# SOURCE RECORDS:

------------------------------------------------

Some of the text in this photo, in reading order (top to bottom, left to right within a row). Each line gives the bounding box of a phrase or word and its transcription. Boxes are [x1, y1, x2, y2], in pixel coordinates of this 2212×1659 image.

------------------------------------------------

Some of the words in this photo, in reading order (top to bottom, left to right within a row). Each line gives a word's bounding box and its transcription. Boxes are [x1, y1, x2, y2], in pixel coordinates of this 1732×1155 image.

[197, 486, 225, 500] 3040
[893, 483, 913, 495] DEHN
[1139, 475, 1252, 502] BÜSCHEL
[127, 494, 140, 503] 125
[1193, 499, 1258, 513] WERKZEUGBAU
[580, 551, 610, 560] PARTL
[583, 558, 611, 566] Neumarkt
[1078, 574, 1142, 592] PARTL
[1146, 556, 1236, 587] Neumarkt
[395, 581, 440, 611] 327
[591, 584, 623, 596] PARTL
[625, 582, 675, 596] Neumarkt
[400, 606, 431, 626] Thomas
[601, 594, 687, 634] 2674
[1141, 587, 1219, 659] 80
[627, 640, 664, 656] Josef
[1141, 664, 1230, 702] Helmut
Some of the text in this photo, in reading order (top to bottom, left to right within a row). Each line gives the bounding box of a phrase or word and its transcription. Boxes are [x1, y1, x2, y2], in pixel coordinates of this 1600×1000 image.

------------------------------------------------

# ACTIVITY:
When a line among the entries contains "phrase", pull that line out.

# EXPECTED OUTPUT:
Some of the text in this photo, in reading order (top to bottom, left to right within a row). Each line gives the bounding box of a phrase or word and its transcription. Boxes are [x1, y1, x2, y2], in pixel coordinates of this 2212×1659 image.
Some of the text in this photo, in reading order (top to bottom, left to right within a row). Each line gives the bounding box of a phrase or word and its transcription. Boxes are [x1, y1, x2, y2], in pixel coordinates of this 1600×1000 image.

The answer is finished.